CrossCert's audit does not list or cover the full number of Symantec roots under which they had issuance capability. Symantec's investigation discovered that CrossCert had the scope of the audit reduced for cost reasons.
Certisign's audit and Certisur's audit are only WebTrust for CAs audits - neither CA appears to have a Baseline Requirements audit. The WebTrust audit criteria require that such a CA has a BR audit. In addition, Mozilla policy requires "CA operations and issuance of certificates to be used for SSL-enabled servers" to conform to the Baseline Requirements. As Symantec has stated that audit was their only mechanism for monitoring their RAs, they can have had no assurance that RAs without a BR audit were actually following the BRs.
Symantec Response
Symantec required the issues at CertSuperior to be fixed and a 90-day action plan was executed to fix them. However, until they decided to shut down the RA program, no certificates issued during the period of suspect operations were checked to see if the poor practice had caused misissuance.
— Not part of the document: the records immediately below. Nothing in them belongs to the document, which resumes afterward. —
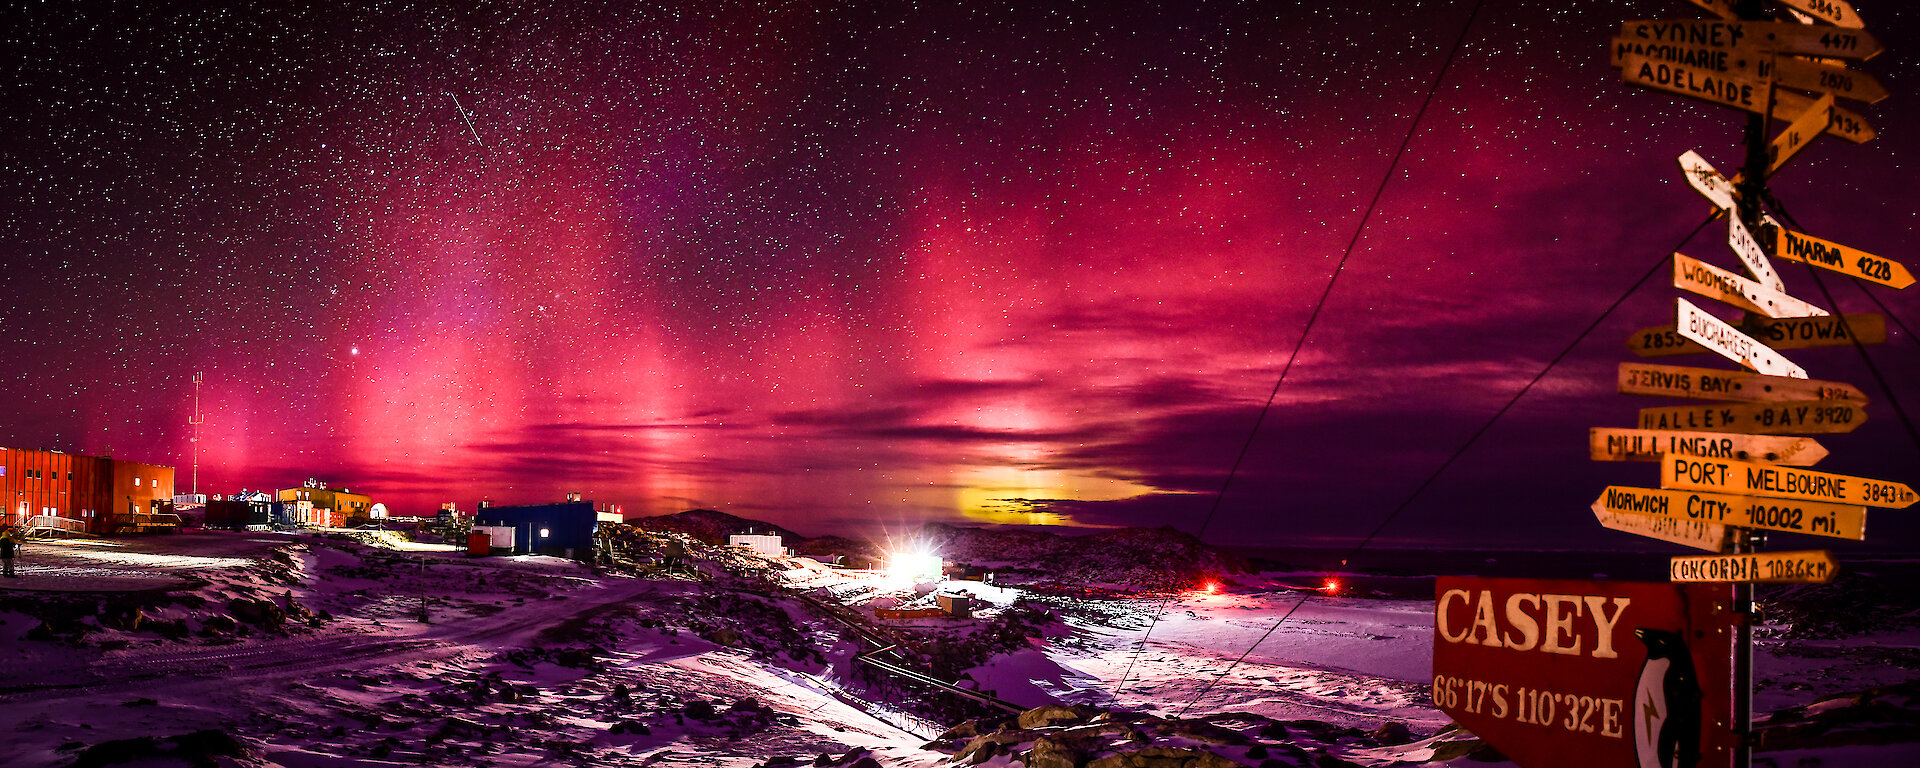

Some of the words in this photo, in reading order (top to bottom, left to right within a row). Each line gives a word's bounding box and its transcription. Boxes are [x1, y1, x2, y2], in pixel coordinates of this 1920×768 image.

[1636, 23, 1742, 47] SYDNEY
[1820, 32, 1857, 51] 4471
[1639, 62, 1752, 105] ADELAIDE
[1785, 231, 1844, 268] THARWA
[1857, 256, 1891, 281] 4228
[1682, 261, 1746, 297] WOOMERA
[1690, 311, 1752, 361] BUCHAREST
[1770, 320, 1847, 341] SYOWA
[1627, 369, 1691, 391] JERVIS
[1701, 375, 1731, 392] BAY
[1763, 407, 1808, 427] BAY
[1814, 407, 1852, 424] 3920
[1675, 459, 1728, 486] PORT
[1748, 467, 1846, 499] MELBOURNE
[1863, 482, 1896, 503] 3843
[1672, 557, 1759, 580] CONCORDIA
[1437, 588, 1631, 658] CASEY
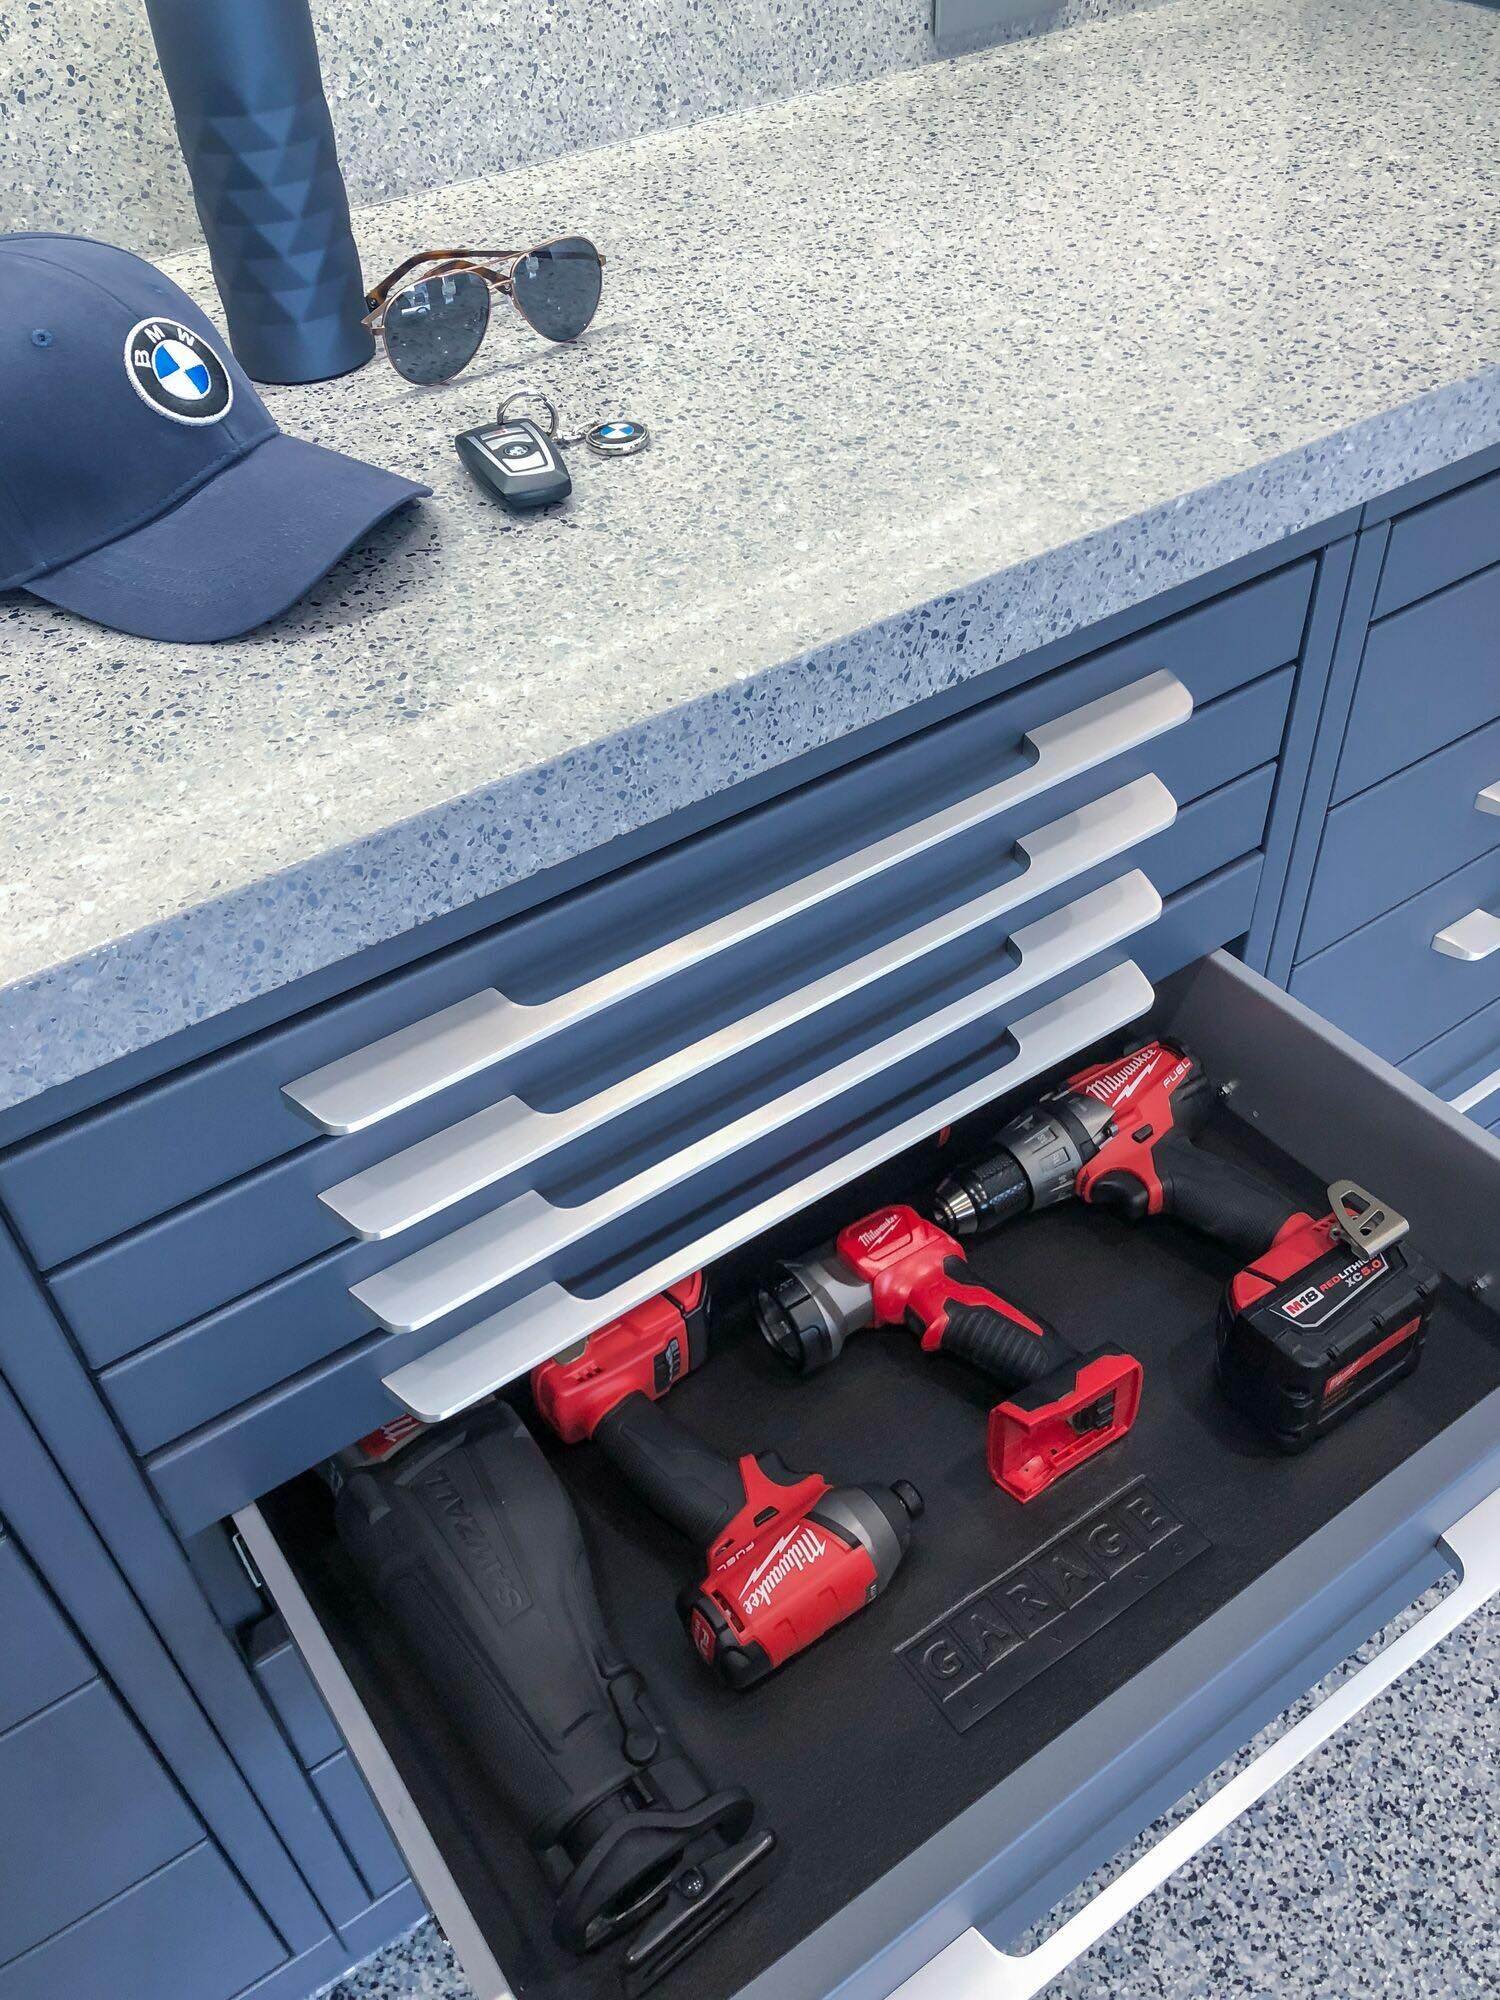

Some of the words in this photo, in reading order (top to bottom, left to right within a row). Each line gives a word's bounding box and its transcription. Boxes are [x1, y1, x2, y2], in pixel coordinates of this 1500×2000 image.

[135, 324, 194, 368] BMW
[1085, 1048, 1157, 1103] Milwaukee
[1162, 1059, 1191, 1088] FUEL
[1345, 1259, 1382, 1288] XC5.0
[1286, 1290, 1318, 1315] M18
[716, 1541, 755, 1571] FUEL
[742, 1527, 827, 1615] Milwaukee
[923, 1496, 1162, 1680] GARAGE
Despite the clear warning signs shown on the Certsuperior audit, Symantec did not put in place any monitoring of their RAs, other than audit, to check that they were correctly performing the tasks delegated to them under the BRs. There were some - overridable - technical checks on certificate issuance.
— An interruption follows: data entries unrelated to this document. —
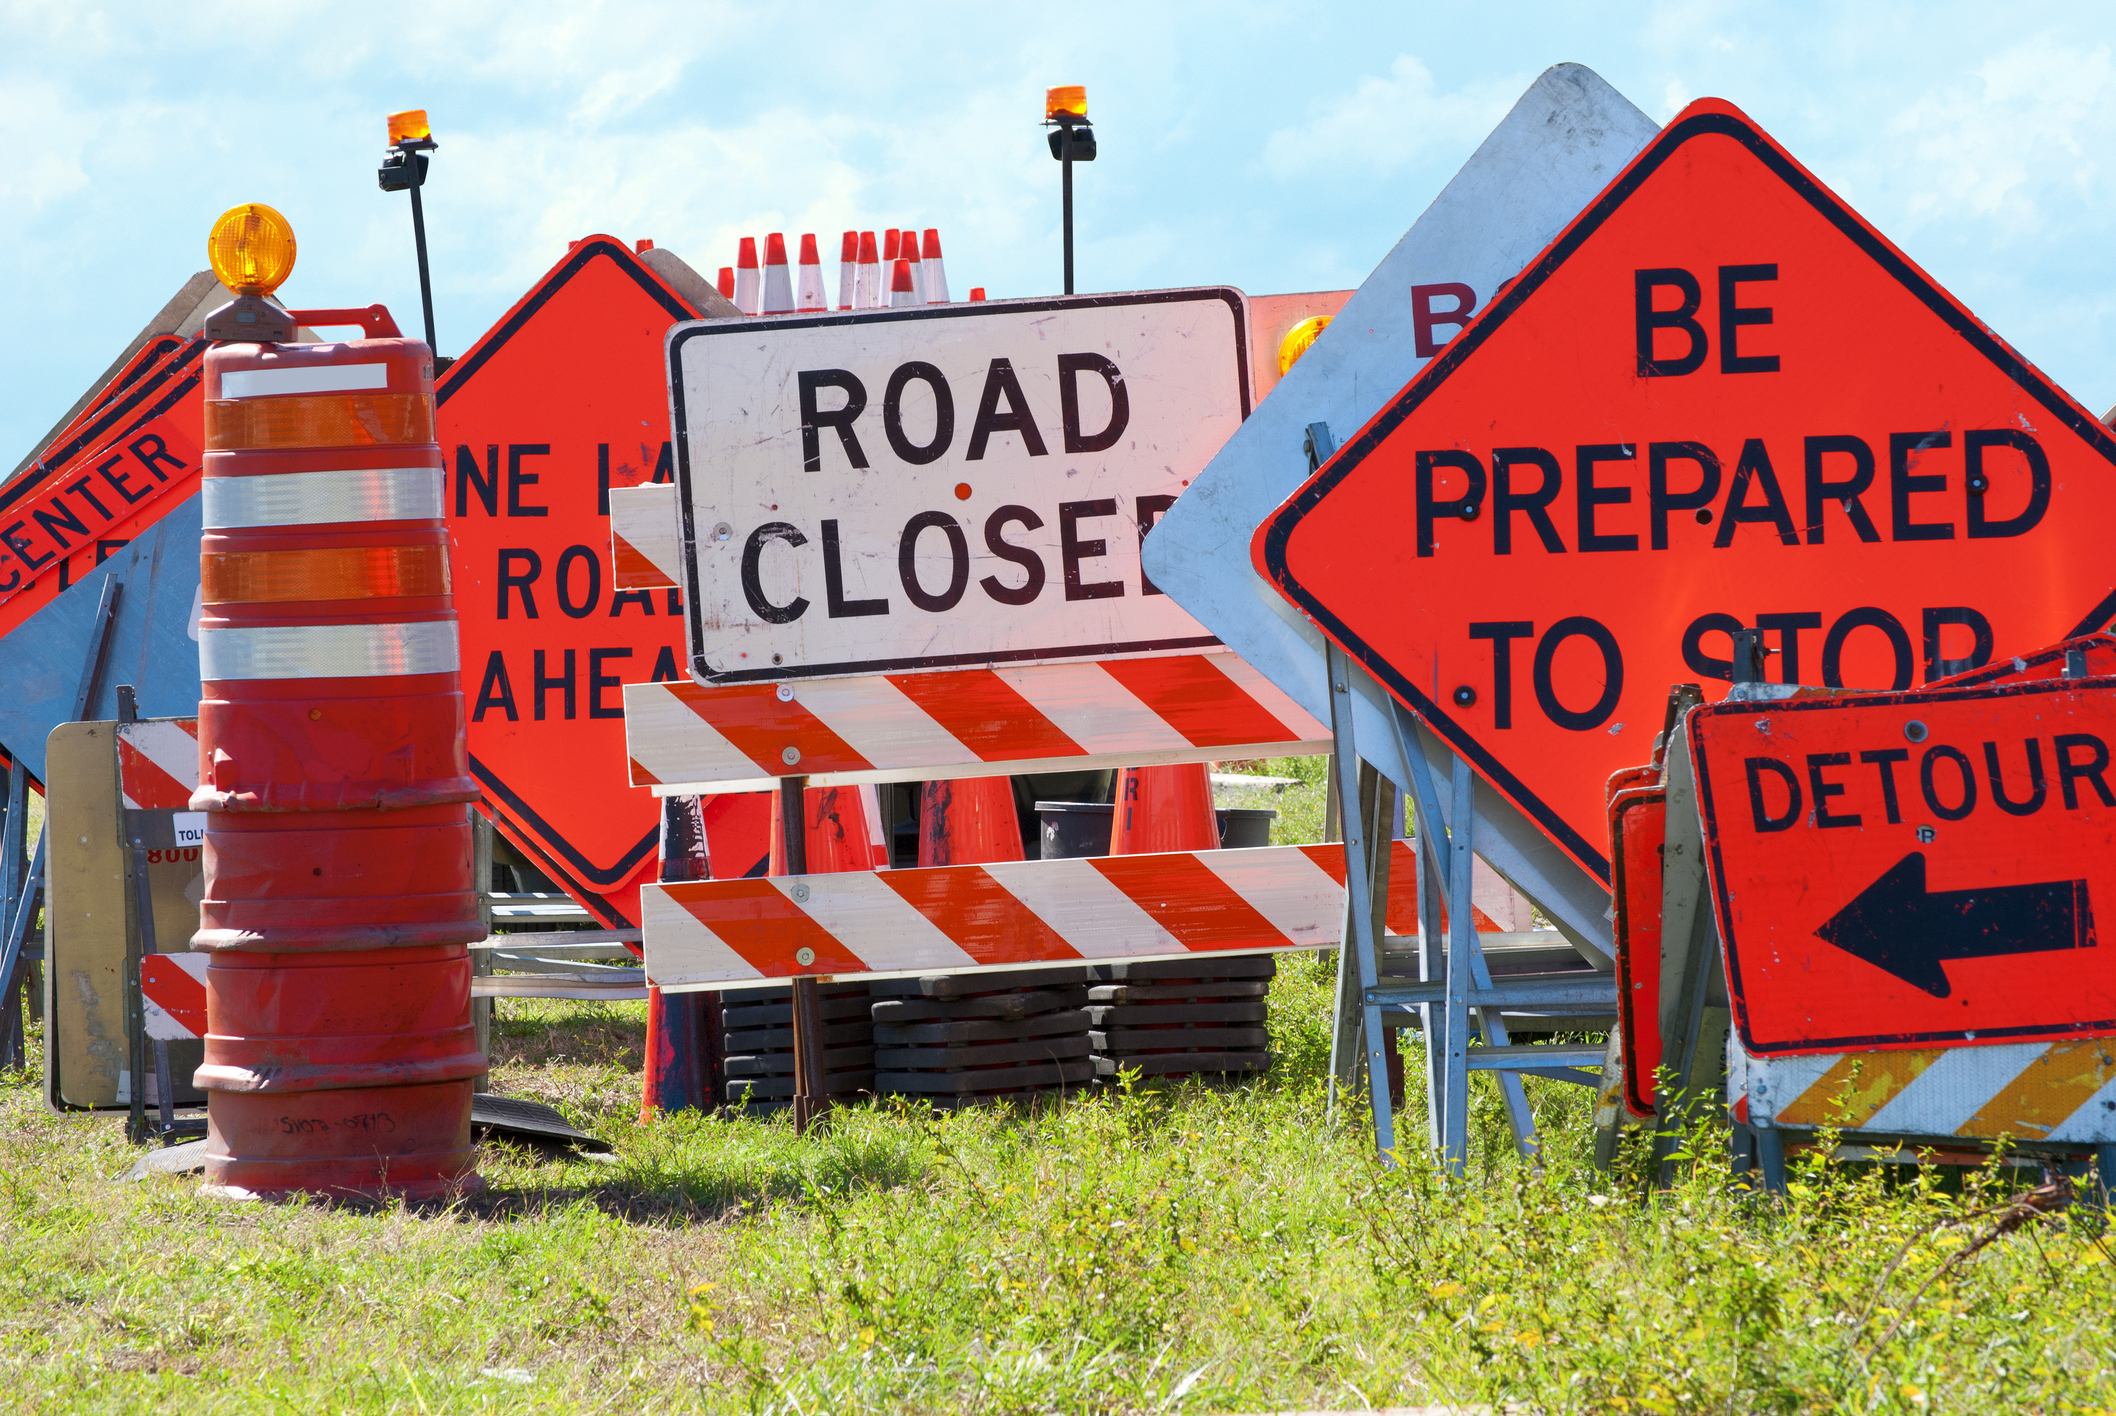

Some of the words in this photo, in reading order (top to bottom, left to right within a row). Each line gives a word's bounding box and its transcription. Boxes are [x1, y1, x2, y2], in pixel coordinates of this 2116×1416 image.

[1411, 277, 1516, 359] B
[1635, 264, 1780, 378] BE
[798, 352, 1130, 472] ROAD
[442, 443, 551, 517] NE
[1416, 429, 2052, 558] PREPARED
[1470, 615, 1624, 732] TO
[1744, 733, 2116, 833] DETOUR
Symantec appears to have taken no action to deal with that fact that Certisign and Certisur did not have BR audits.
Symantec did not notice that CrossCert's audits did not cover all the relevant roots until they did the RA investigation in early 2017.
Issue X: Incomplete RA Program Remediation (February - March 2017)
At the time Symantec shut down their RA program, they had four RAs - CrossCert, Certisign, Certsuperior, and Certisur. Symantec committed to revalidating all certificates issued by those RAs. Independent of the rightness or otherwise of this course of action, it should have been applied consistently. However, the program seems to have previously had additional RAs, and Symantec has as yet taken no action to revalidate the certificates that they issued, despite some still being valid.
Those RAs include at least E-Sign, for which we have found audits from March - June 2014, April - July 2015 and July - September 2016. This party does not appear to have an unbroken series of audits; it is unclear what that means.
Another possible RA is MSC TrustGate, which appears to have been operating as a sub-CA based on the scope of their audit. However this audit, like those for some other Symantec RAs, is only to the WebTrust for CAs criteria and does not cover the Baseline Requirements. The WebTrust audit criteria require that such a CA has a BR audit.
Symantec Response
Symantec has not yet been officially requested to respond to this issue.